Olympic Kayak Paddles Made in New Hampshire: A Family Legacy

Earlier this week, at the London Olympics, the American team competed in the double canoe slalom. That’s when two men kneel inside a kayak and work together to navigate an obstacle course on whitewater rapids. If you watched this on NBC, you might have caught a glimpse of a pair of paddles made in New Hampshire.

In rustic Canaan, New Hampshire, Peter Mitchell is hard at work sanding a freshly carved double-bladed kayak paddle.

Peter Mitchell and his father, David, have been making paddles for decades. The company started in New Hampshire in 1975, before Peter was born.

And we do everything from touring canoe paddles, to whitewater canoe paddles, long canoe paddles for standup…

And they’ve made paddles for Olympians in the past…including the Gold medal winners for men’s double canoe in Barcelona and for women’s kayak in Athens.

Today, the kayaking tradition is strong. Using techniques that have been perfected for generations… going all the way back to the Inuit tribes of the North Atlantic, Mitchell crafted the paddles for the U.S. Olympic C-2, or double canoe team.

They are using some of our whitewater canoe paddles. They are a carbon blade, it’s actually a carbon over a wood core and then it’s also a carbon shaft. And they’re slightly different from what we normally do, built to the specs of what those guys were looking for.

And Peter’s father has a good idea what an Olympian might be looking for. He raced in the 1972 Munich Olympics.

Our company and the family is pretty well known in slalom and in racing just because we do go back so far.
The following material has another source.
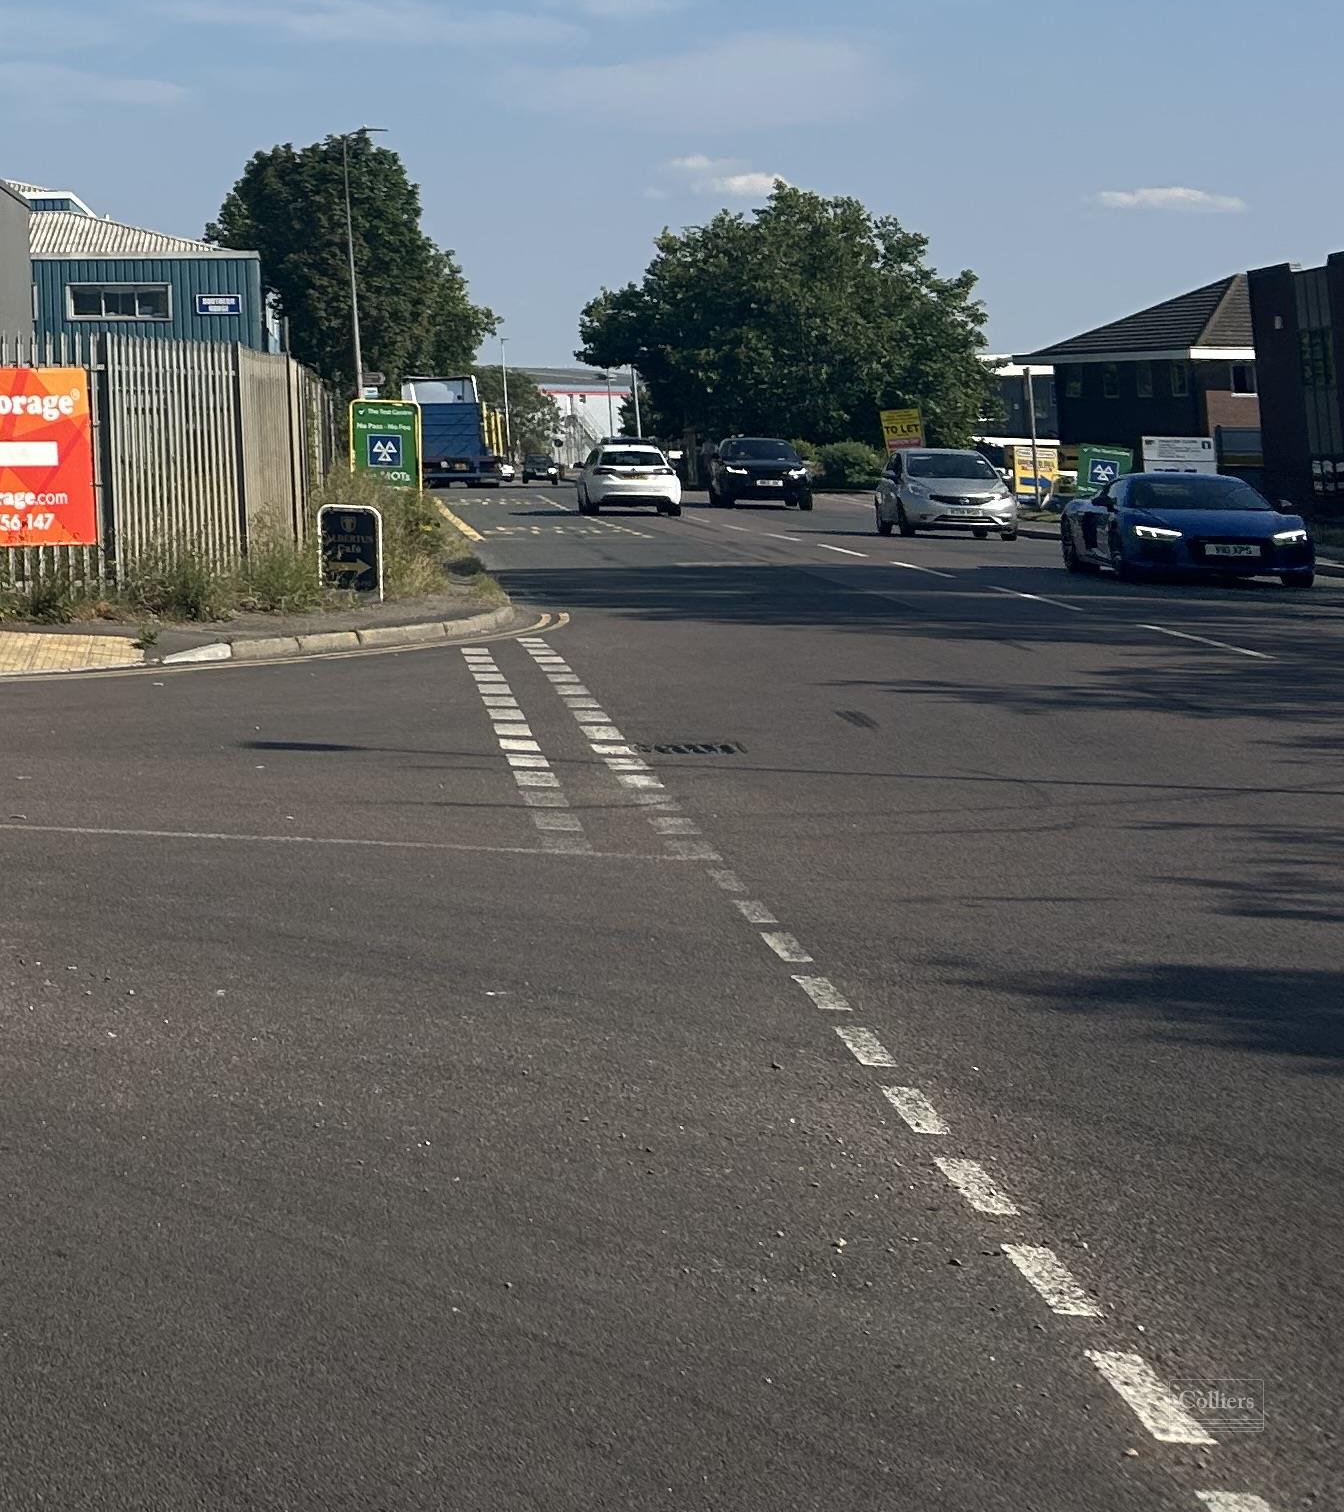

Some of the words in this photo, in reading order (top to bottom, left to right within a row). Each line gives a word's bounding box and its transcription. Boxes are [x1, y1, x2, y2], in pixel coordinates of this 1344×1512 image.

And with my dad getting a silver medal in the ‘67 World Championships, bronze medal in ‘64 World Championships… I think mom’s got a gold medal in the World’s and then raced on a bunch of different teams and then coached my sister and I as we were growing up.

Today, Peter Mitchell is the sole craftsman of Mitchell Paddles and it’s a craft he learned from his father. David grew up in England, and met Peter’s mother Peggy, who was a competitive kayaker in her own right, at a racecourse in Italy.

Kayaking has always been a central part of David’s life.

I think it was a family thing. My father and older brother built a single kayak and later on, after my father died fairly young, my brother built himself a double canoe so I inherited the single.

How did you start getting into paddle-making?

All we could get in England were flat-bladed plywood paddles on an aluminum shaft. So the best paddles were made in Germany by a person named Toni Prijon, who was actually a world champion in whitewater racing.  I asked him if I could go and work with him for a while and he said I could.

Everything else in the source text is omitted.